Yoga resembles an otherworldly course to a casual personality and sound body.In times of pregnancy, when women are battling mood swings at varying levels, fatigue and sickness, painful leg cramps and breathing problems; prenatal yoga exercises, techniques and postures ease all such conditions. Prenatal yoga is the best for mother and child care.
Vakrasna (Twisted pose)
- Sit erect with feet stretched in front (parallel).
- Inhale and raise your arms at shoulder level, palms facing down.
- Exhaling, twist your body from waist towards your right moving head and hands simultaneously to the same side. Swing arms back as much as possible. Do not bend your knees.
- Inhale and come back to original position maintaining your hands shoulder level and parallel to each other.
Utkatasana (Chair pose)
- Strengthens thigh and pelvic muscles
- Stand erect with feet 12 inches apart. Keep your feet parallel to each other.
- Inhale for 2 seconds and raise your heels and arms at shoulder level, palms facing down simultaneously.
- Exhale slowly; sit in squat pose, on your toes. If not comfortable standing on your toes, stand normally keeping feet flat on the ground.
- Keeping your hands in the same position, inhaling, get up slowly and stand on your toes.
- Exhale, hands down and heels down simultaneously.
Konasana (Angle pose)
- Stand erect with feet 24 inches apart. You can do this asana with the support of wall.
- Raise your right hand up keeping elbow straight. Give a nice upward stretch and while you inhale, bend side-ward towards your left.
- Exhale and come back and put your hand down.
Paryankasana (Ham’s pose with one leg)
- Strengthens abdominal, pelvic and thigh muscles.
- Lie down on your back. Straighten your legs. Keep your knees together.
- Now, fold your right leg in the knee at the side of your posterior. Breathe normally.
- Hold the position as long as you’re comfortable and repeat the same on other side. Straighten your leg.
Hast Panangustasana (Extended hand to big tow pose)

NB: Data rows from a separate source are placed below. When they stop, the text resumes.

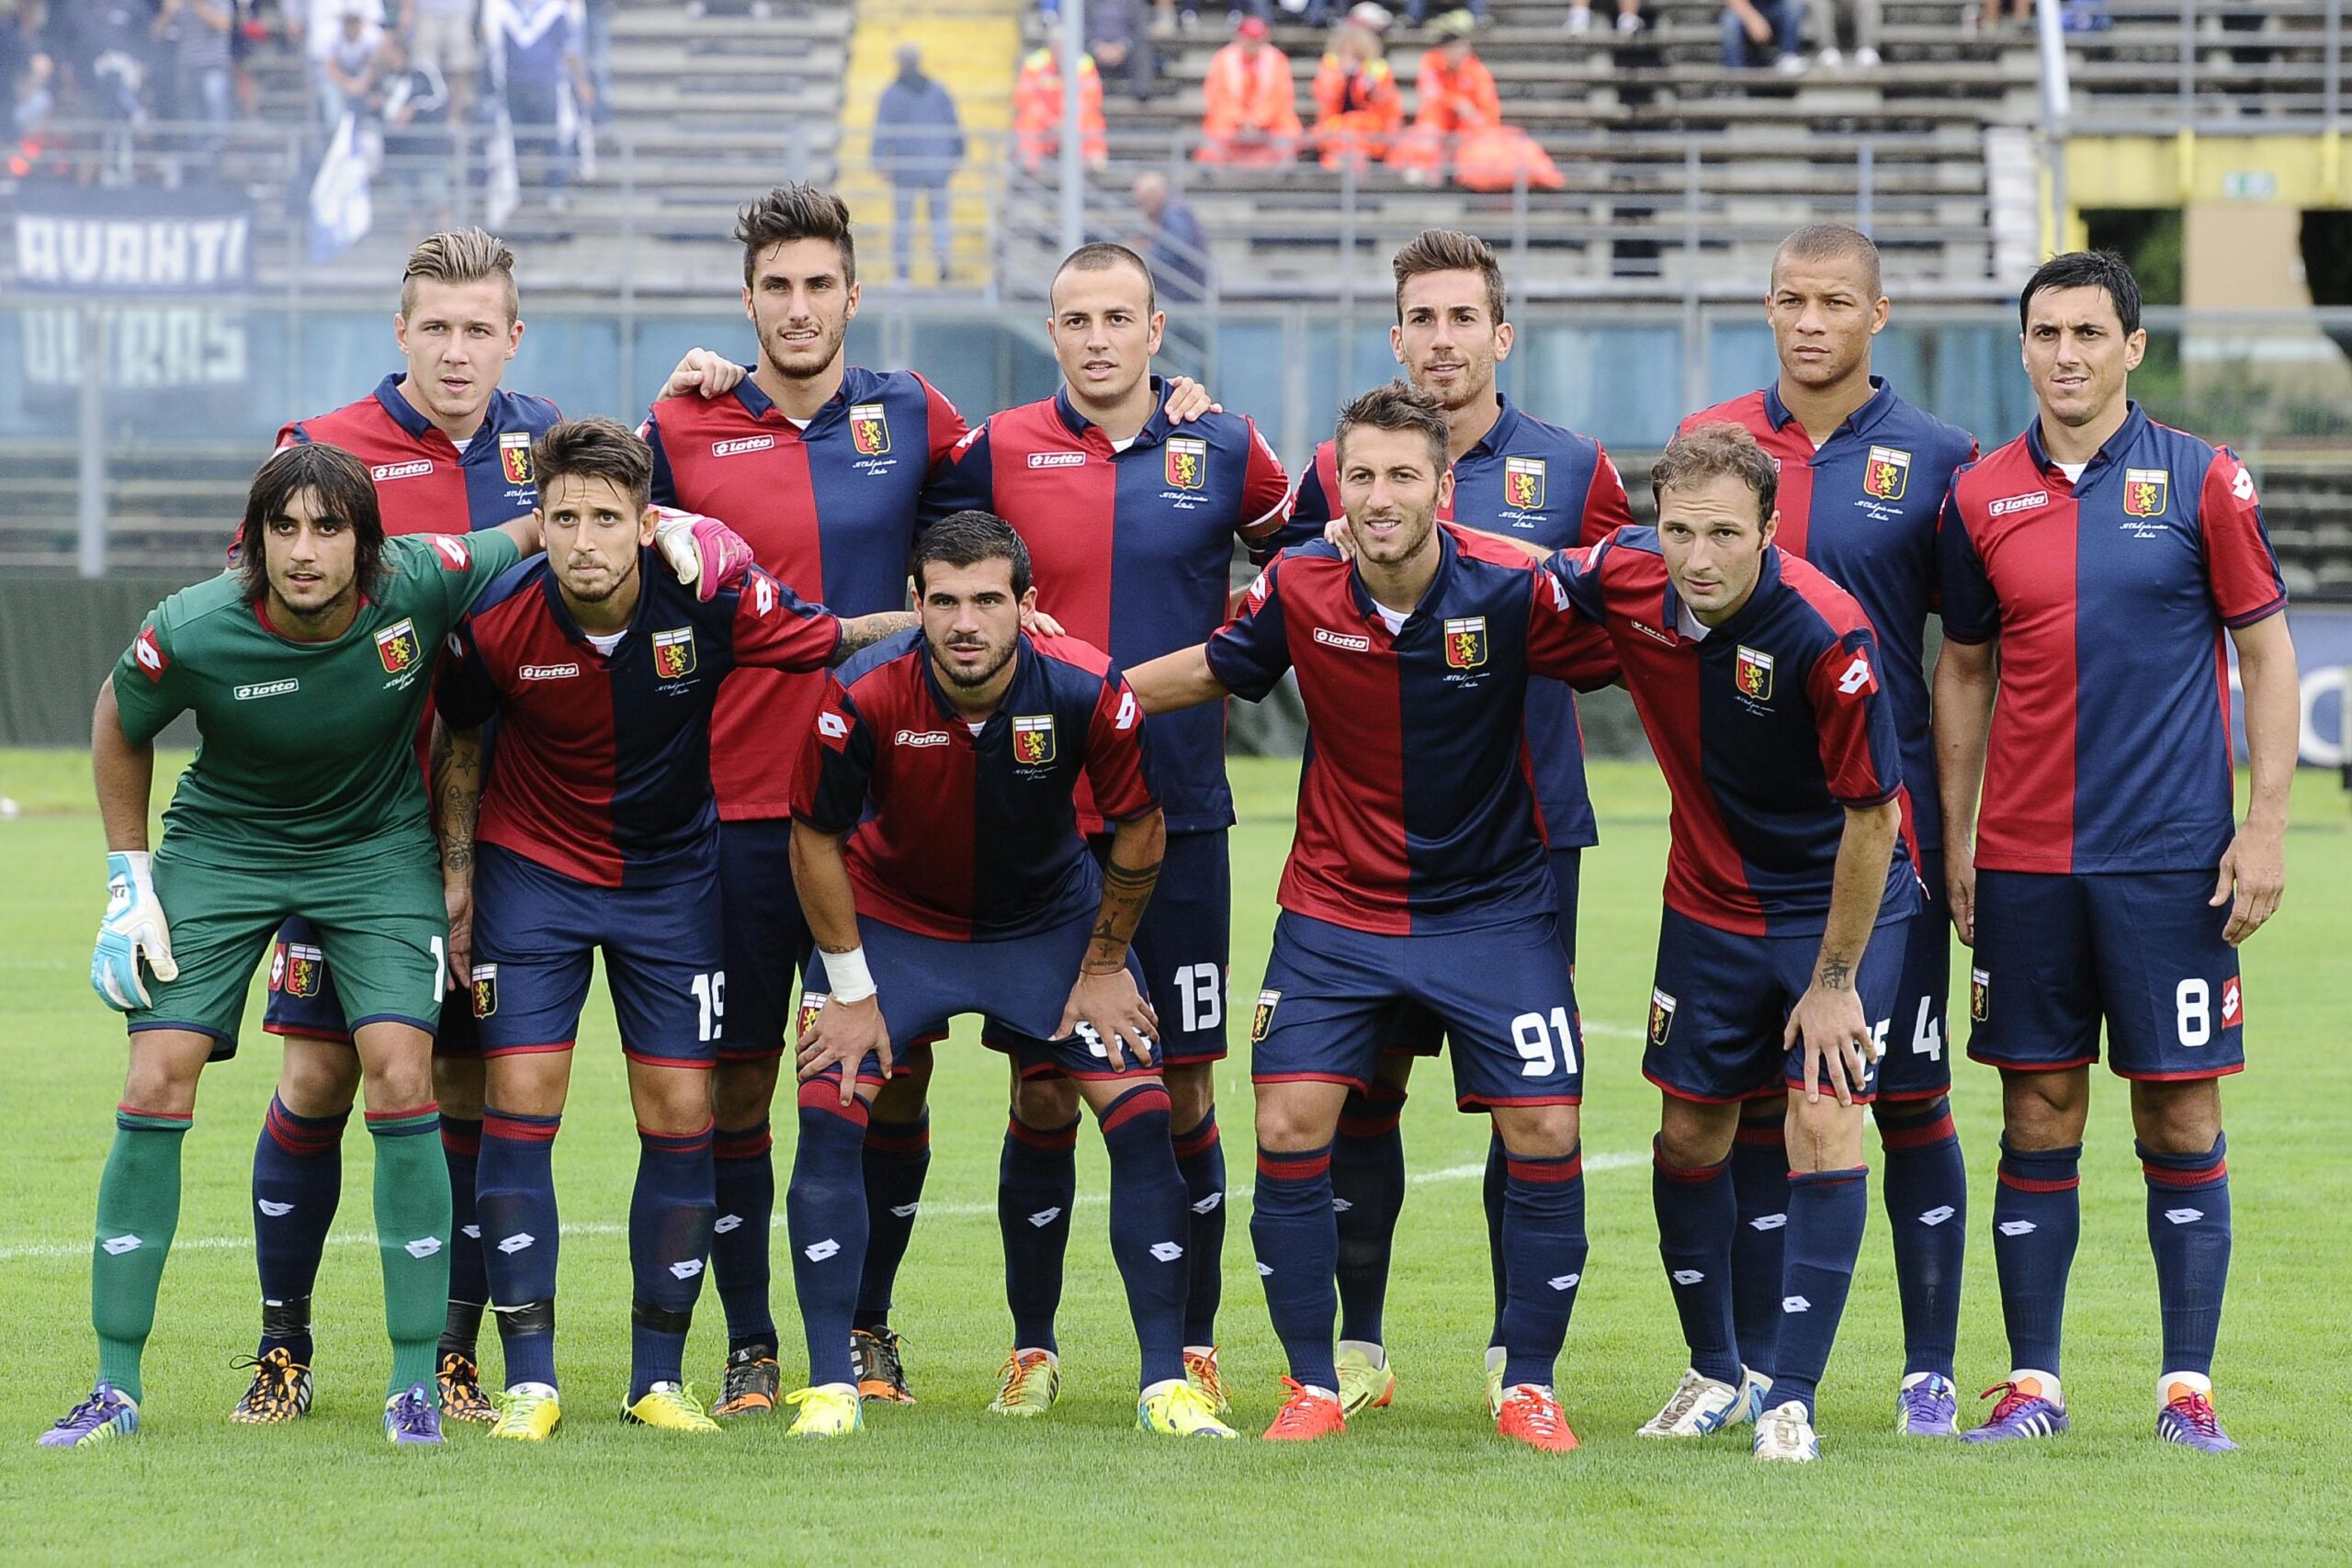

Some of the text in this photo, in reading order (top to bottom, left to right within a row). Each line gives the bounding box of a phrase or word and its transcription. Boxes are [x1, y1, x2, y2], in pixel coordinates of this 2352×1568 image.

[429, 935, 445, 1003] 1
[1173, 963, 1221, 1032] 13
[1510, 1007, 1578, 1077] 91
[1912, 996, 1941, 1062] 4
[2177, 978, 2210, 1047] 8

- Strengthens pelvic and thigh muscles
- Straighten your legs. Keep your body in one line.
- Your hands in T-position, palms facing down.
- Slide right leg towards your right side. Don’t try very hard. Hold toe with your right hand if possible.

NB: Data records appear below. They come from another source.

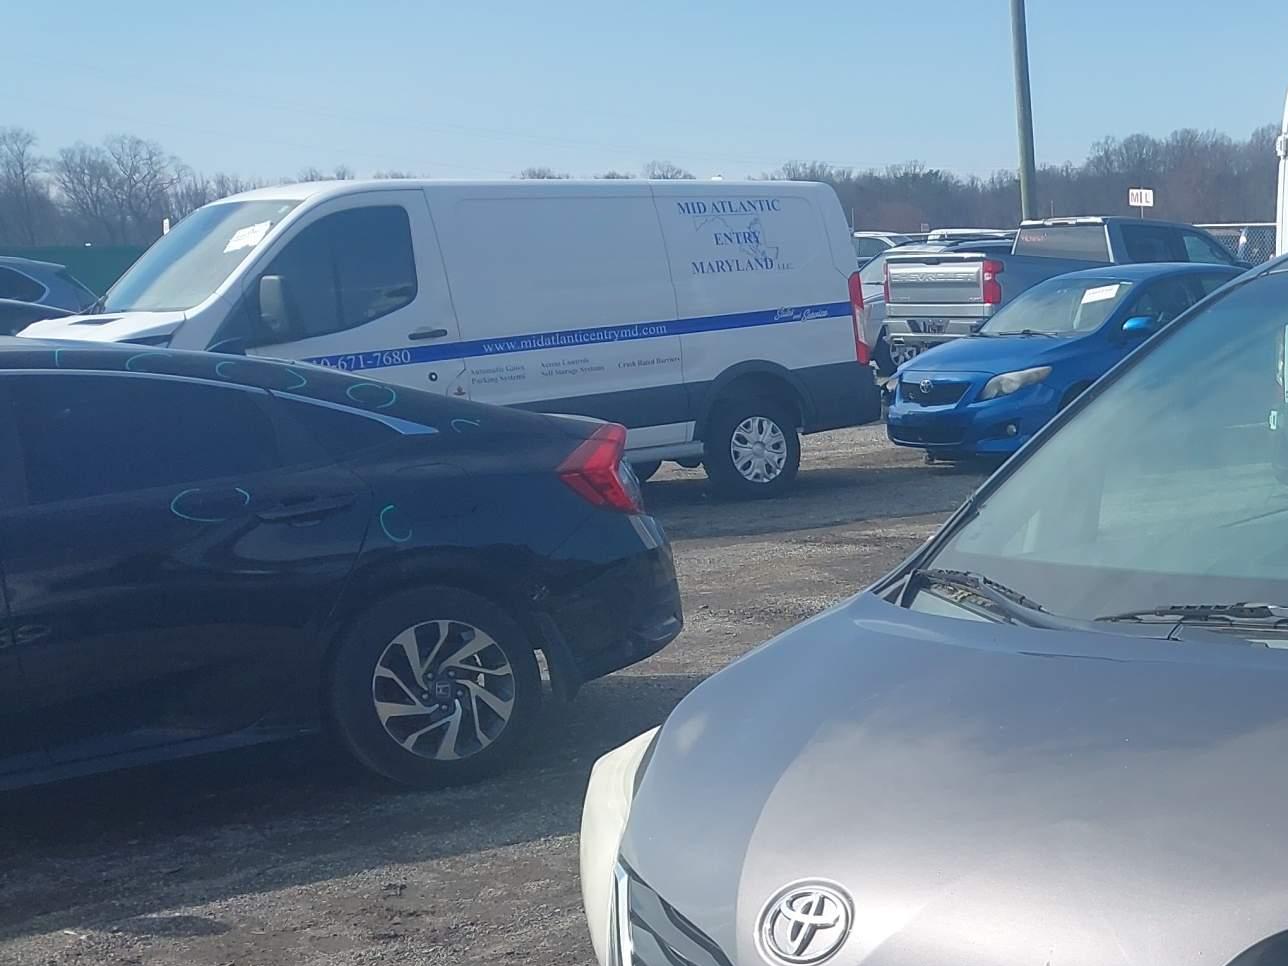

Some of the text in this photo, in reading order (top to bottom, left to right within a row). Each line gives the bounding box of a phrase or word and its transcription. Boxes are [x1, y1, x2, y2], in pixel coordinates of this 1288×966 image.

[677, 199, 782, 216] MID ATLANTIC
[713, 230, 761, 246] ENTRY
[691, 257, 774, 275] MARYLAND
[482, 324, 668, 354] www.midatlanticentrymd.com
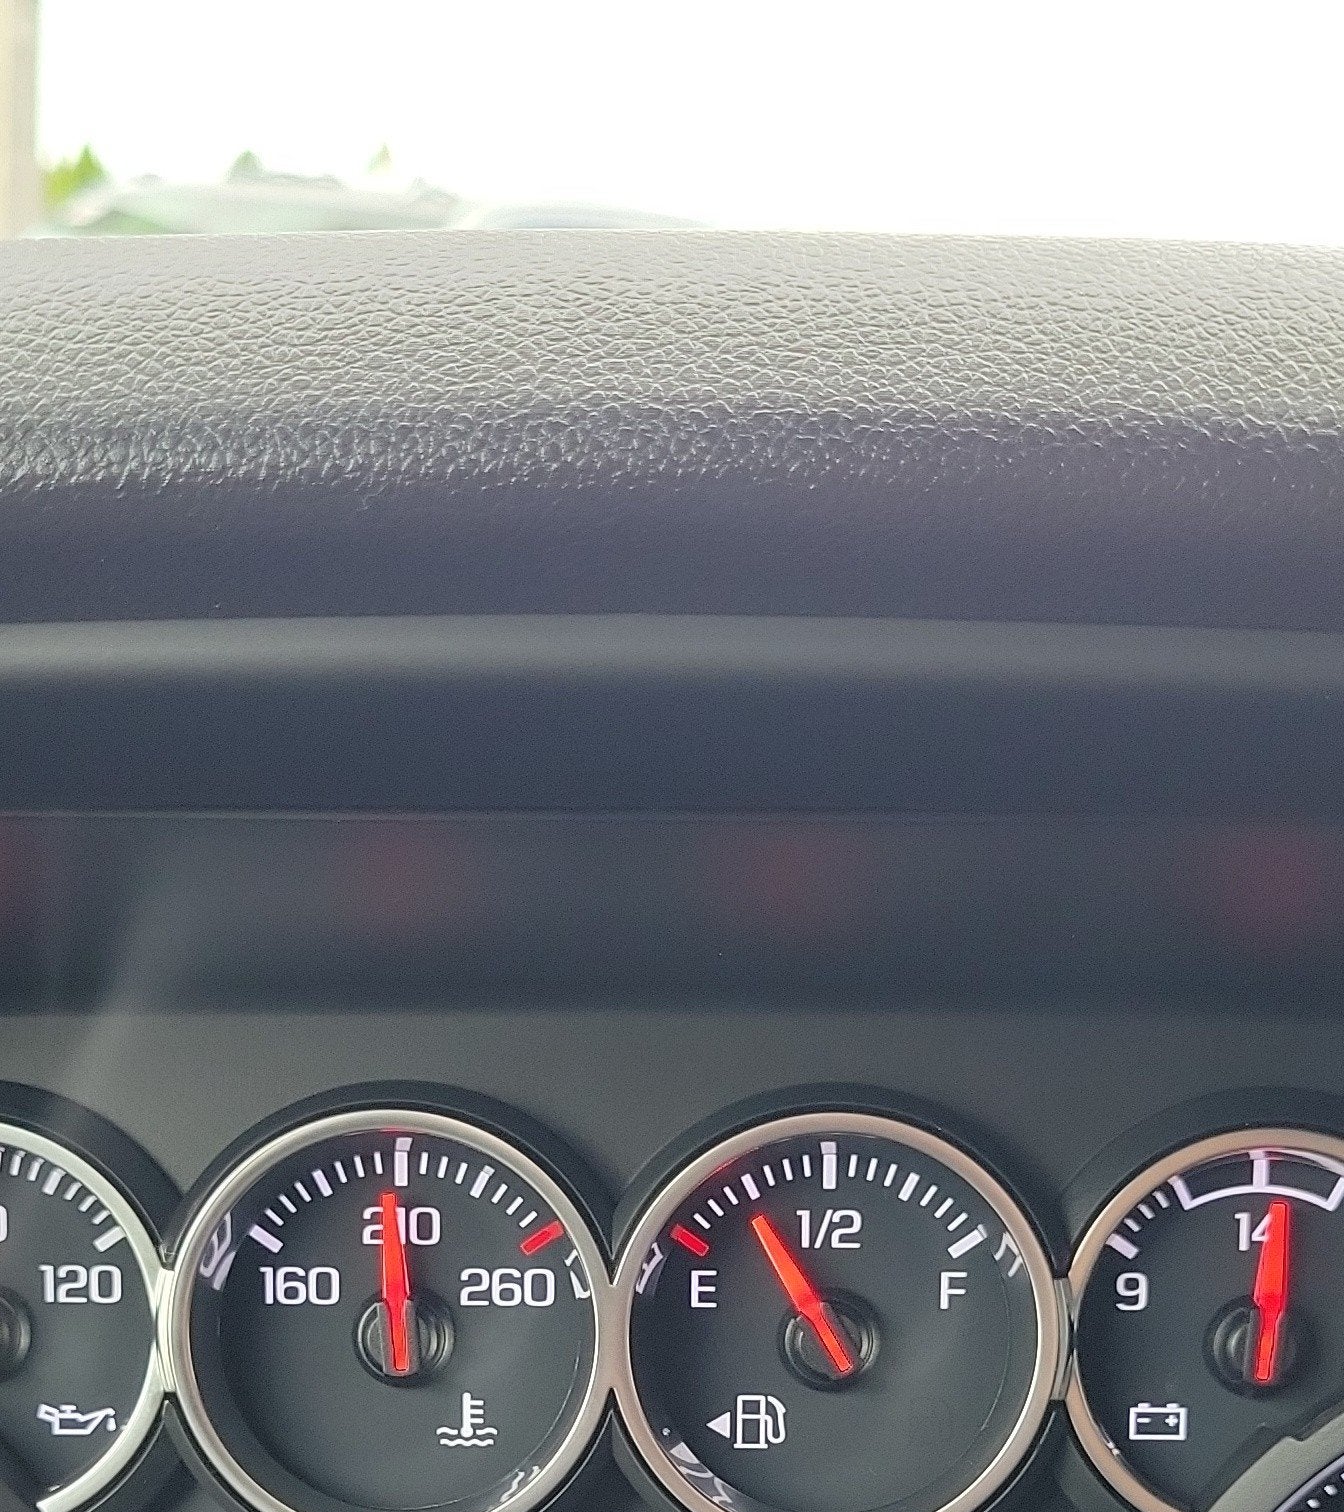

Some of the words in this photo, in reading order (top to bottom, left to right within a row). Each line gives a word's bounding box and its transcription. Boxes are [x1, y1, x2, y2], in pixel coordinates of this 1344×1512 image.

[796, 1209, 862, 1249] 1/2
[38, 1264, 122, 1304] 120
[259, 1266, 340, 1306] 160
[460, 1267, 555, 1307] 260
[690, 1270, 718, 1308] E
[939, 1271, 968, 1310] F
[1115, 1272, 1148, 1311] 9

- Sliding your leg come back to original position.
Parvatasana (Mountain pose)
- Improves body posture, relief in backache
- Sit straight and while inhaling, raise your and join palms in ‘Namaste’ position. Keep your elbows straight. Hands are close to your ears.
- Hold the position for a few moments and return to ordinary position again.
- Repeat 2-3 times.
Yastikasana (Stick pose)
- Corrects posture, body gets stretched, relieves body tension
- Lie down on your back. Straighten your legs. Keep your body in one line. Knees and feet are together. Feet point upward. Hands rest on the sides.
- Inhale and raise your hands; rest them on the floor and stretch upward. Push your toes out simultaneously.
- Breathe out, raise your hands and come back into typical position.